*** GIVEN DATA ***

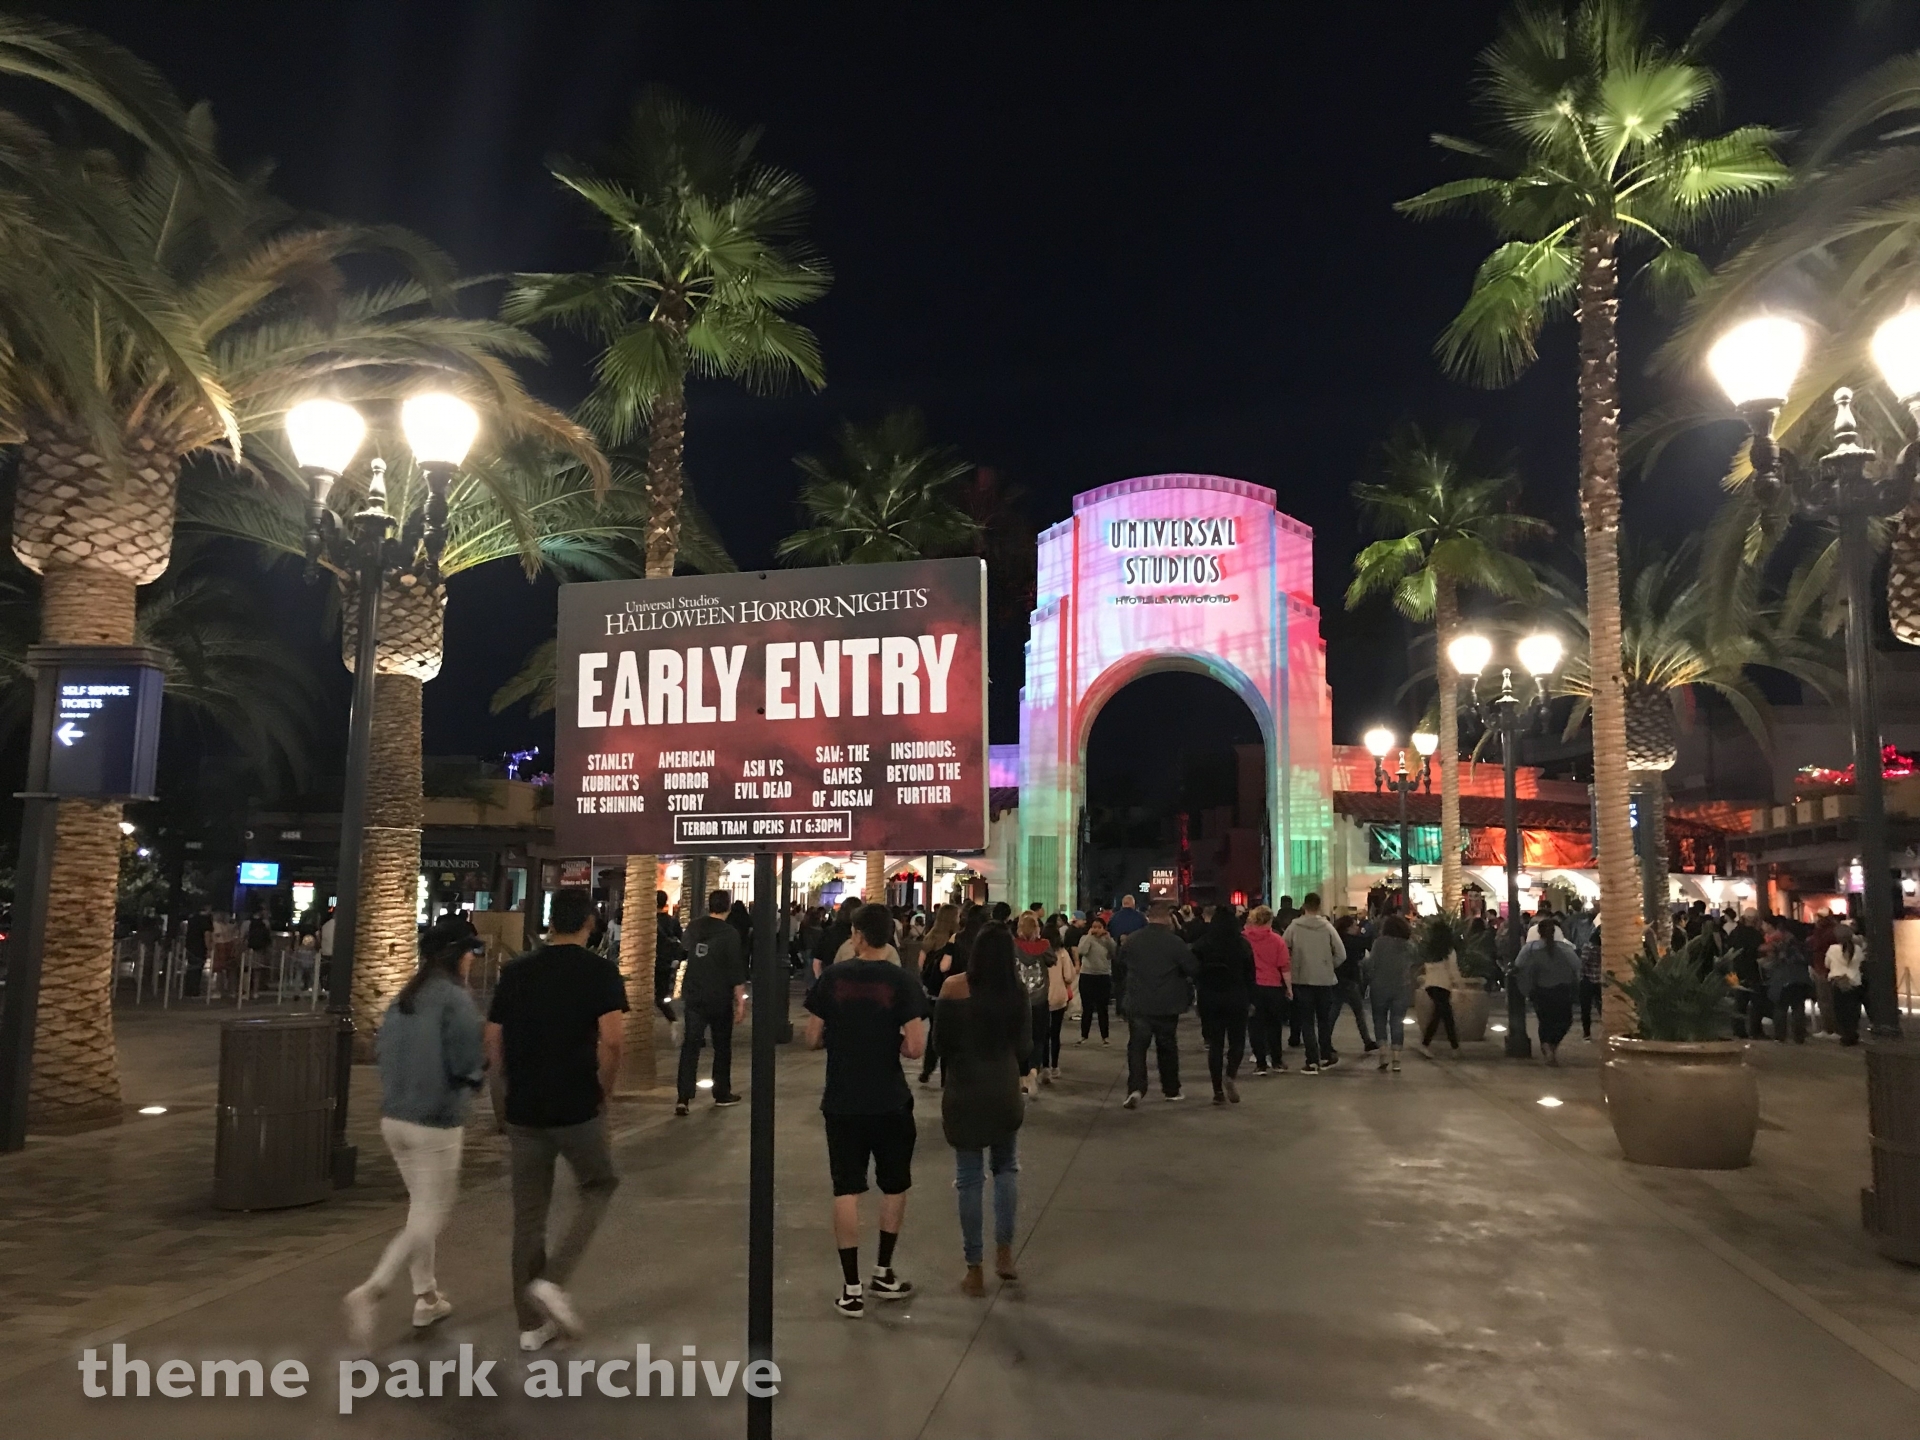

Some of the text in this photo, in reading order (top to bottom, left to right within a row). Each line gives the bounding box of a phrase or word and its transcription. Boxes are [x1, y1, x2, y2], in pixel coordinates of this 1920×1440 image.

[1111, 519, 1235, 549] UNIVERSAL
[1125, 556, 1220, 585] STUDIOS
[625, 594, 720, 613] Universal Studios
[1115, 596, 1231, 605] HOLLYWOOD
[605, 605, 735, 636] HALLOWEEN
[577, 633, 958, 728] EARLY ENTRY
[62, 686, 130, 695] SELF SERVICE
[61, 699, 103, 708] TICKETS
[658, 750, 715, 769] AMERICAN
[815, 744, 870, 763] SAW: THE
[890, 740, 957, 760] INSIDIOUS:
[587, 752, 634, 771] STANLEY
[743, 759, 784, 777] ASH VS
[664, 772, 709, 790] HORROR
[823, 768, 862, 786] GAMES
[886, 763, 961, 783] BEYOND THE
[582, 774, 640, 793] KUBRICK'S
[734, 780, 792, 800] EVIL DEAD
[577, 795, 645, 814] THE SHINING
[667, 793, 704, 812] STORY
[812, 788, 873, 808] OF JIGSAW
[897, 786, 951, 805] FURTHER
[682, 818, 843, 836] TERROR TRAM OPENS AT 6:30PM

*** End of GIVEN DATA ***

■ **ASSIGNED TASK**
All entries are to be retyped exactly. Omit any embedded images.

■ **WORKED SOLUTION**
Some of the text in this photo, in reading order (top to bottom, left to right within a row). Each line gives the bounding box of a phrase or word and its transcription. Boxes are [x1, y1, x2, y2], in pixel coordinates of this 1920×1440 image.

[1111, 519, 1235, 549] UNIVERSAL
[1125, 556, 1220, 585] STUDIOS
[625, 594, 720, 613] Universal Studios
[1115, 596, 1231, 605] HOLLYWOOD
[605, 605, 735, 636] HALLOWEEN
[577, 633, 958, 728] EARLY ENTRY
[62, 686, 130, 695] SELF SERVICE
[61, 699, 103, 708] TICKETS
[658, 750, 715, 769] AMERICAN
[815, 744, 870, 763] SAW: THE
[890, 740, 957, 760] INSIDIOUS:
[587, 752, 634, 771] STANLEY
[743, 759, 784, 777] ASH VS
[664, 772, 709, 790] HORROR
[823, 768, 862, 786] GAMES
[886, 763, 961, 783] BEYOND THE
[582, 774, 640, 793] KUBRICK'S
[734, 780, 792, 800] EVIL DEAD
[577, 795, 645, 814] THE SHINING
[667, 793, 704, 812] STORY
[812, 788, 873, 808] OF JIGSAW
[897, 786, 951, 805] FURTHER
[682, 818, 843, 836] TERROR TRAM OPENS AT 6:30PM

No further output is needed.